Fréttablaðið (The Newspaper) was a free Icelandic newspaper. It was distributed five days per week. At its peak, it was the most read newspaper in Iceland.

==History and profile==
Fréttablaðið was established in 2001. It was originally owned primarily by the media group 365. The paper was published six days per week, Monday — Saturday until September 2003, when its frequency was switched to daily. As of 2019, it was published six days per week again, and as of 2020, it was published five days per week. It is entirely funded by advertising.

Fréttablaðið has been described as siding politically with the Social Democratic Alliance (Samfylkingin) and for favouring Icelandic membership of the European Union. However, some of its editors have sided with the conservative Independence Party (Sjálfstæðisflokkurinn), and its former editor-in-chief and regular columnist is Independence Party's former leader and Prime Minister Þorsteinn Pálsson.

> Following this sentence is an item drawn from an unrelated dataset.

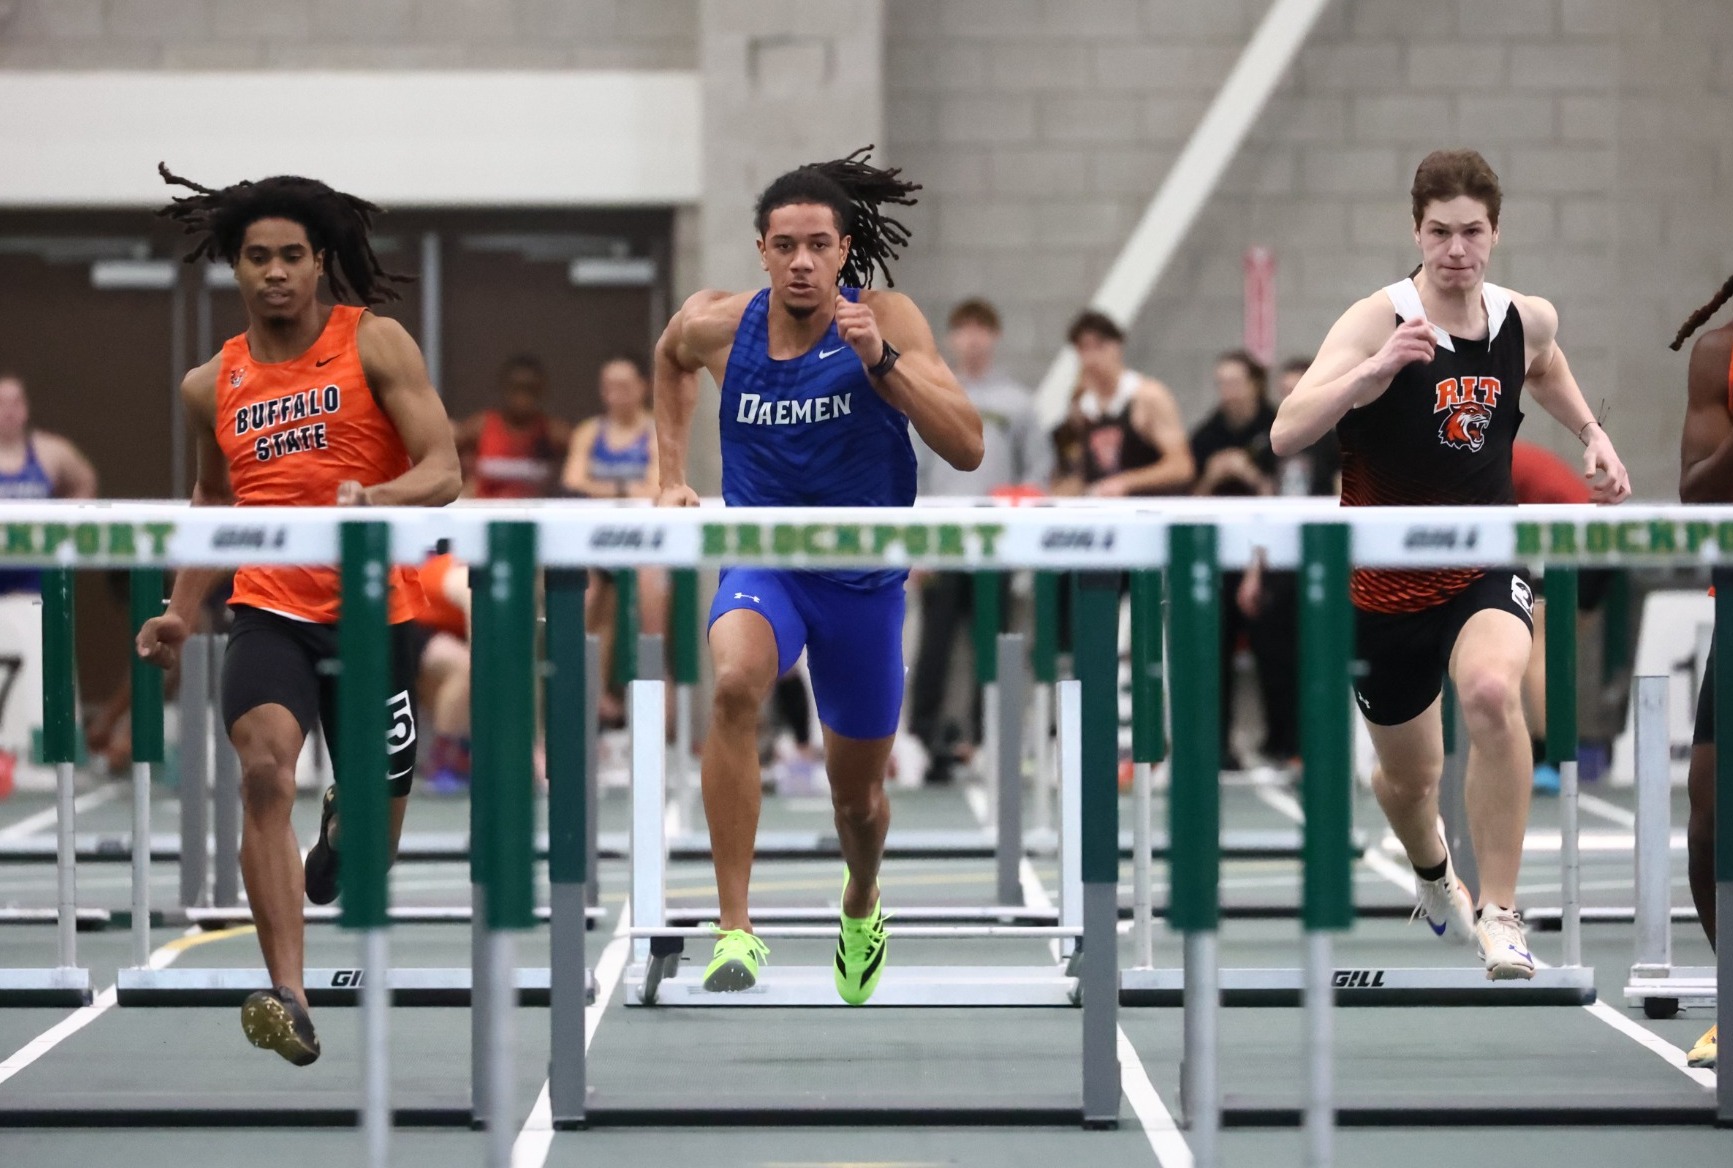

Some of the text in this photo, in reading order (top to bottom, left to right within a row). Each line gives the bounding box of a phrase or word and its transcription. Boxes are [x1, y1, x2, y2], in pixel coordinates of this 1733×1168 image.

In the period of 2001–2002, the paper had a circulation of 70,000. In 2019, it had a circulation of 80,000. Forty percent of Iceland respondents to a Gallup survey stated that they read the paper.

In 2017, 365 Miðlar sold most of its assets to Fjarskipti ehf, the parent company of Vodafone Iceland, including the website visir.is. 365 Miðlar kept Fréttablaðið along with Glamour magazine and opened a new website, frettabladid.is. As of 2020, it was the sixth most popular website in Iceland. After the sale to fjarskipti, 365 Miðlar moved operations to Fréttablaðið, Glamour magazine and frettabladid.is under Torg ehf., its subsidiary.

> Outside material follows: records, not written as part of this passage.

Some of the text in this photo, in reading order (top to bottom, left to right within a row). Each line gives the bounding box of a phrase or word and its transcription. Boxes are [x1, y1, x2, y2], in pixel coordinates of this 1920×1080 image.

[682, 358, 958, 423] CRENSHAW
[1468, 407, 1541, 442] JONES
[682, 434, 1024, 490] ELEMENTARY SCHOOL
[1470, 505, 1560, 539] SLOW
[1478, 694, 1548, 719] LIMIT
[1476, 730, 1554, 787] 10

In October 2019, Helgi Magnússon and other investors bought 365 Miðlar's shares in Torg ehf. Helgi had previously bought 50% of Torg ehf's stocks earlier in 2019. As a part of the sale, Ólöf Skaftadóttir stepped down as editor and was replaced with Jón Þórisson. After the sale, the new owners announced their plans to merge Fréttablaðið with the TV station Hringbraut.

In October 2020, the paper was accused of publishing fake news by the United States embassy in Iceland due to a report saying that the embassy's employees were asked to work despite one worker contracting COVID-19. In 2021 Torg ehf., the owner of the paper, received 81 million Icelandic krónas (about US$637,443) in subsidies issued to Icelandic media by the government of Iceland.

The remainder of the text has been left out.